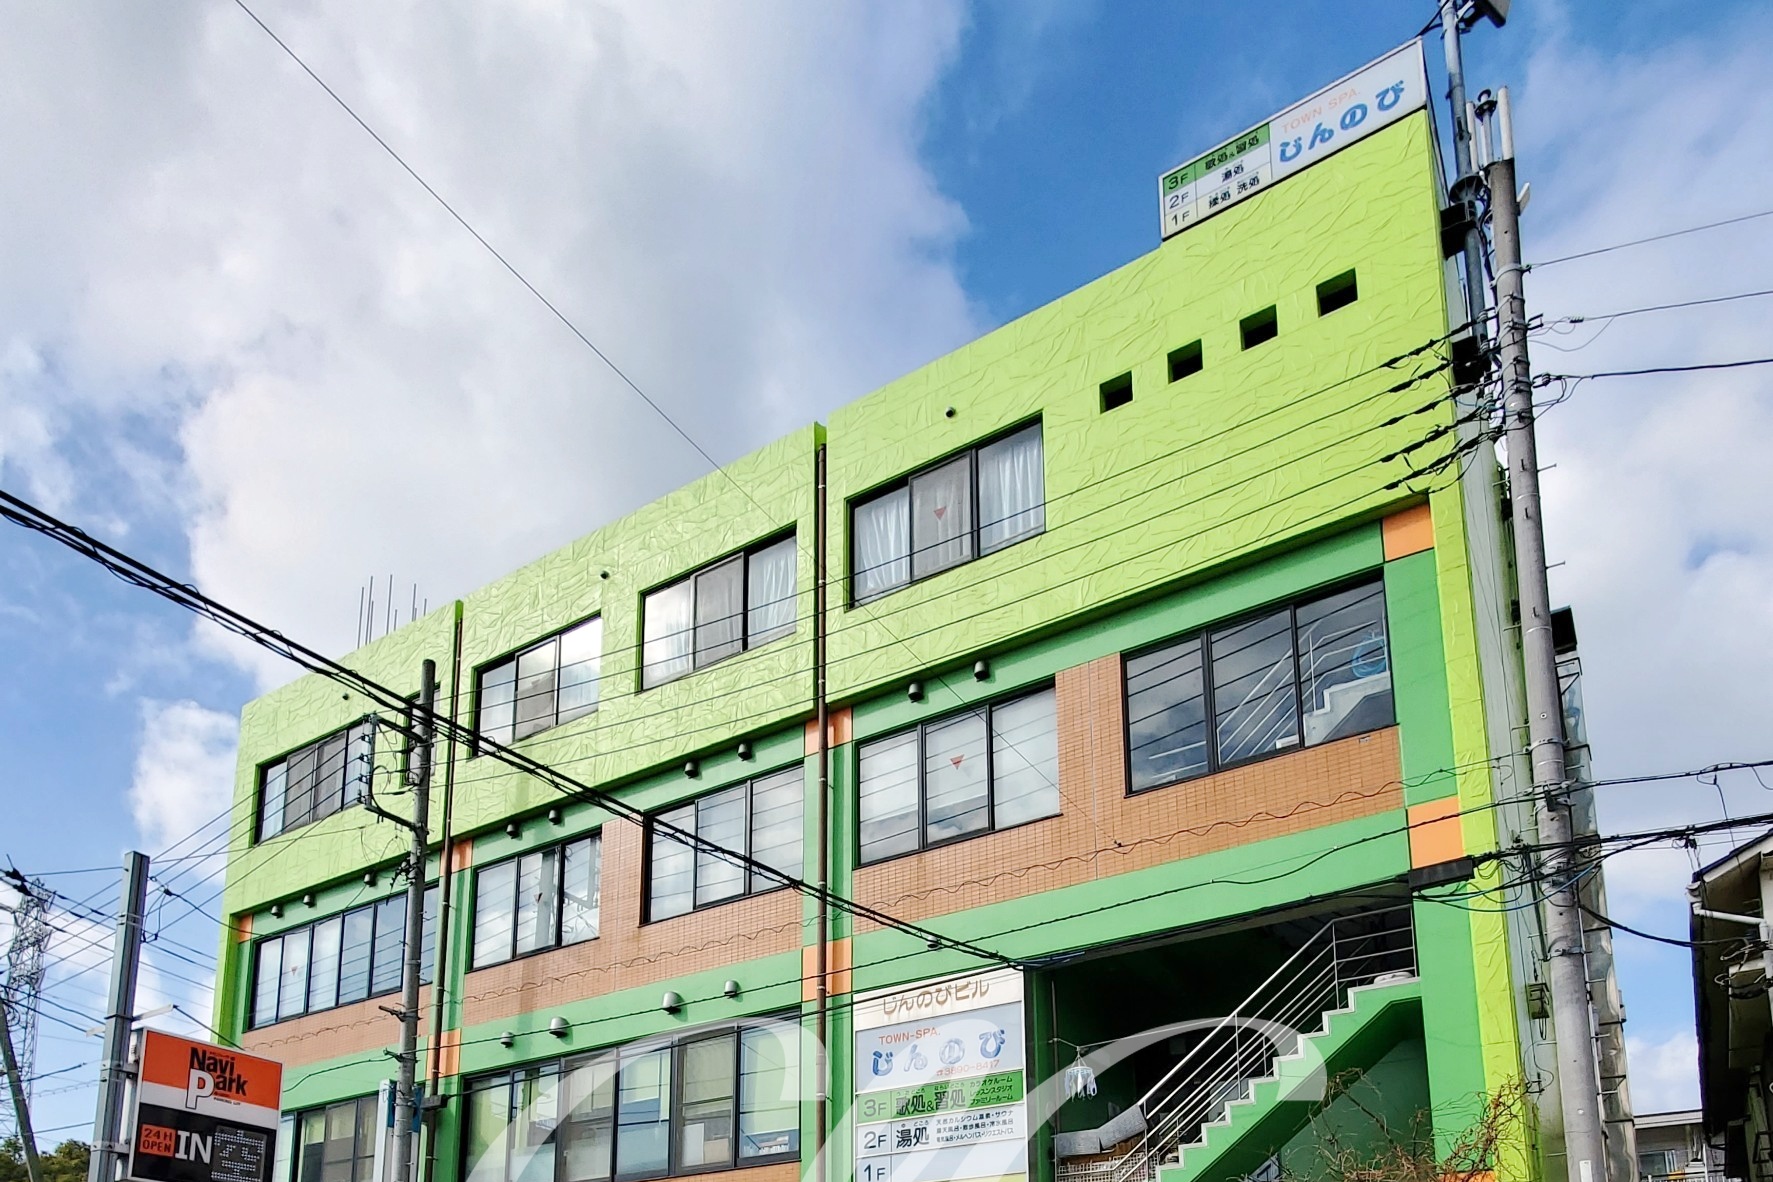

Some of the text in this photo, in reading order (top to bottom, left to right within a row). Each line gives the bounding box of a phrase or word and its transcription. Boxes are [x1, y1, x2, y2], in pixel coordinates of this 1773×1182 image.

[1280, 80, 1405, 162] じんのび
[1282, 106, 1322, 133] TOWN
[1168, 173, 1189, 190] 3F
[1169, 191, 1189, 209] 2F
[1171, 210, 1190, 226] 1F
[883, 979, 989, 1015] じんのびビル
[190, 1046, 236, 1076] Navi
[872, 1029, 1005, 1076] じんのび
[185, 1068, 248, 1110] Park
[970, 1076, 1013, 1088] カラオケルーム
[970, 1085, 1013, 1097] レッスンスタジオ
[863, 1088, 966, 1117] 3F 歌処&習処
[970, 1094, 1013, 1106] ファミリールーム
[142, 1139, 172, 1153] OPEN
[175, 1130, 213, 1165] IN
[863, 1127, 929, 1149] 2F 湯処
[863, 1164, 886, 1182] 1F
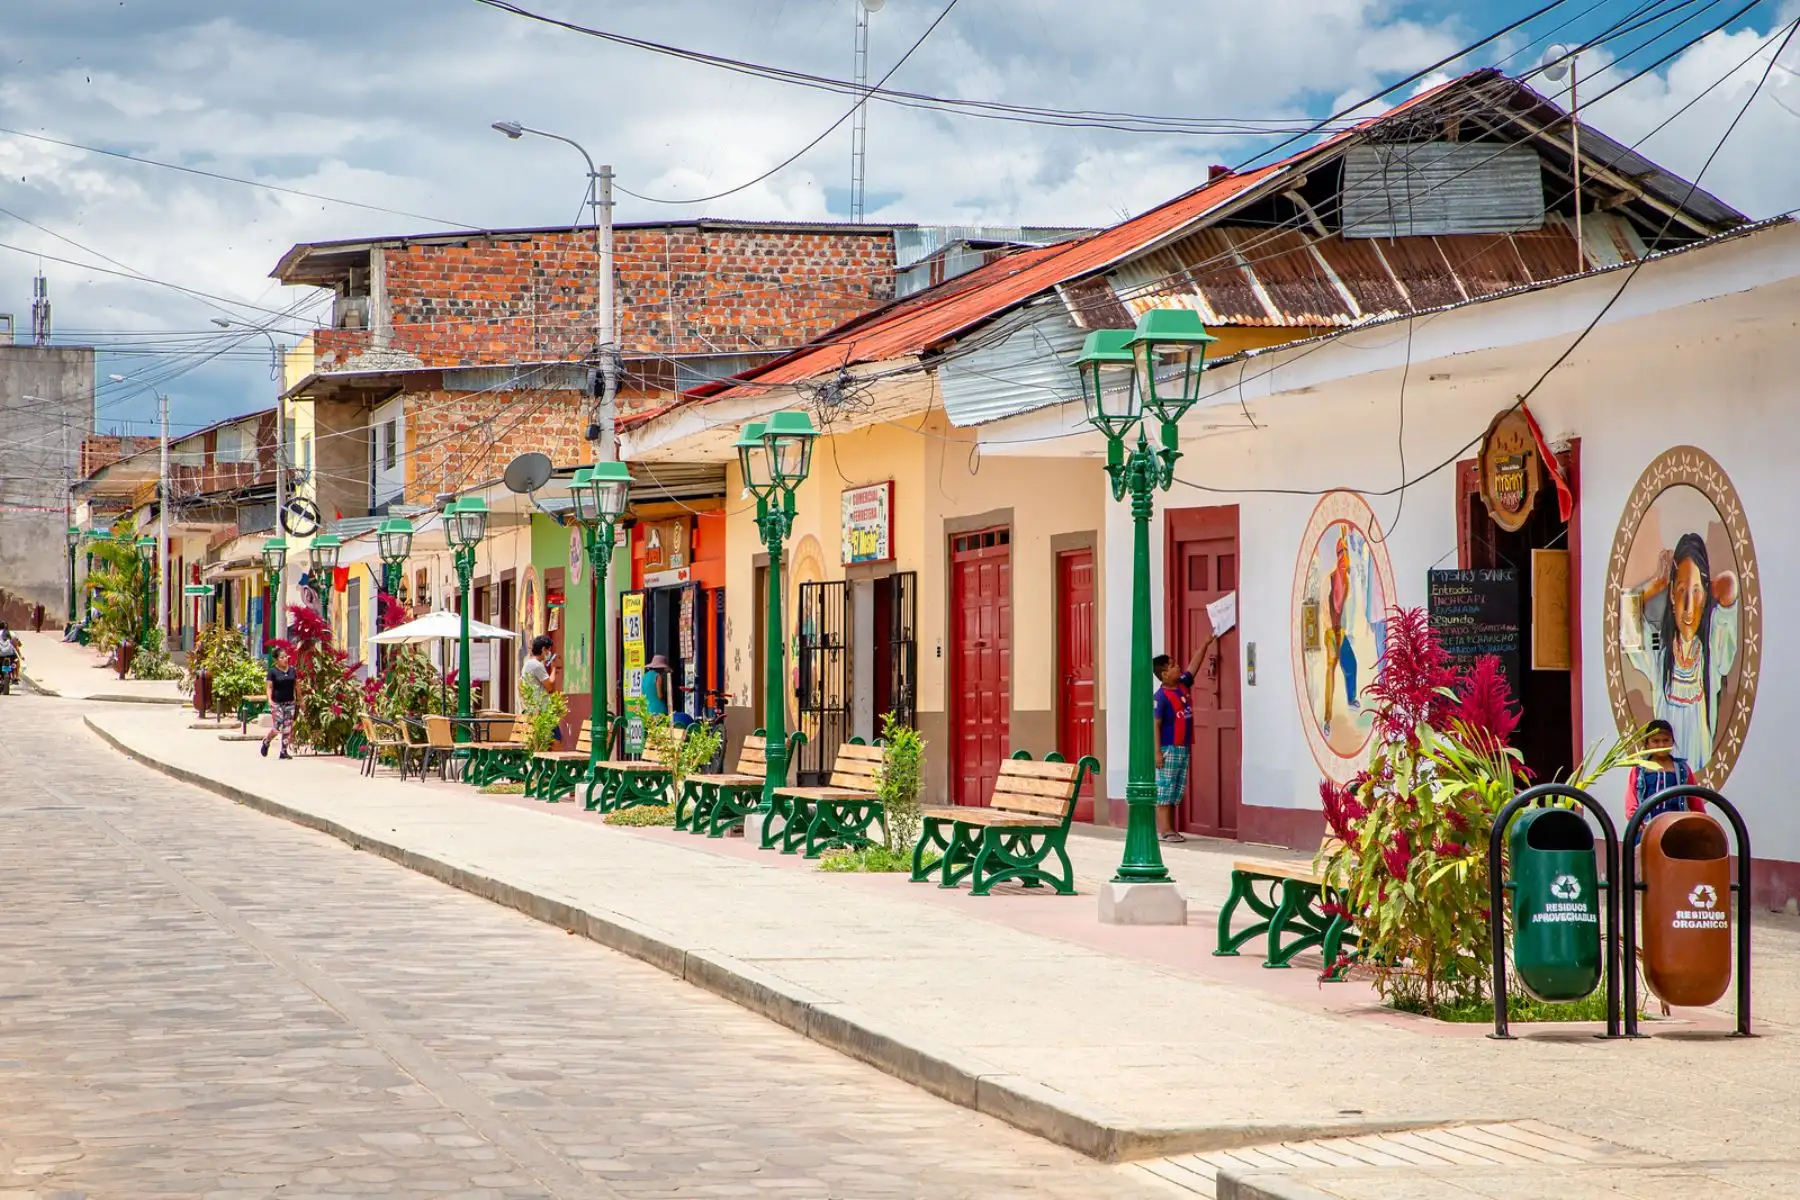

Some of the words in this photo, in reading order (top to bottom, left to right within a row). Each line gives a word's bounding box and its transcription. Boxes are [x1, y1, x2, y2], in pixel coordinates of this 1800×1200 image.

[1431, 584, 1473, 595] Entrada:
[1430, 614, 1475, 627] Segundo
[1546, 903, 1587, 912] RESIDUOS
[1532, 912, 1597, 923] APROVECHABLES
[1676, 910, 1726, 920] RESIDUOS
[1672, 920, 1728, 929] ORGANICOS

Activity
All of the data, minus its pictures, should be repeated exactly.

Answer space
Some of the text in this photo, in reading order (top to bottom, left to right within a row). Each line gives the bounding box of a phrase or word and its transcription. Boxes are [x1, y1, x2, y2], in pixel coordinates of this 1773×1182 image.

[1280, 80, 1405, 162] じんのび
[1282, 106, 1322, 133] TOWN
[1168, 173, 1189, 190] 3F
[1169, 191, 1189, 209] 2F
[1171, 210, 1190, 226] 1F
[883, 979, 989, 1015] じんのびビル
[190, 1046, 236, 1076] Navi
[872, 1029, 1005, 1076] じんのび
[185, 1068, 248, 1110] Park
[970, 1076, 1013, 1088] カラオケルーム
[970, 1085, 1013, 1097] レッスンスタジオ
[863, 1088, 966, 1117] 3F 歌処&習処
[970, 1094, 1013, 1106] ファミリールーム
[142, 1139, 172, 1153] OPEN
[175, 1130, 213, 1165] IN
[863, 1127, 929, 1149] 2F 湯処
[863, 1164, 886, 1182] 1F

Some of the words in this photo, in reading order (top to bottom, left to right within a row). Each line gives a word's bounding box and its transcription. Boxes are [x1, y1, x2, y2], in pixel coordinates of this 1800×1200 image.

[1431, 584, 1473, 595] Entrada:
[1430, 614, 1475, 627] Segundo
[1546, 903, 1587, 912] RESIDUOS
[1532, 912, 1597, 923] APROVECHABLES
[1676, 910, 1726, 920] RESIDUOS
[1672, 920, 1728, 929] ORGANICOS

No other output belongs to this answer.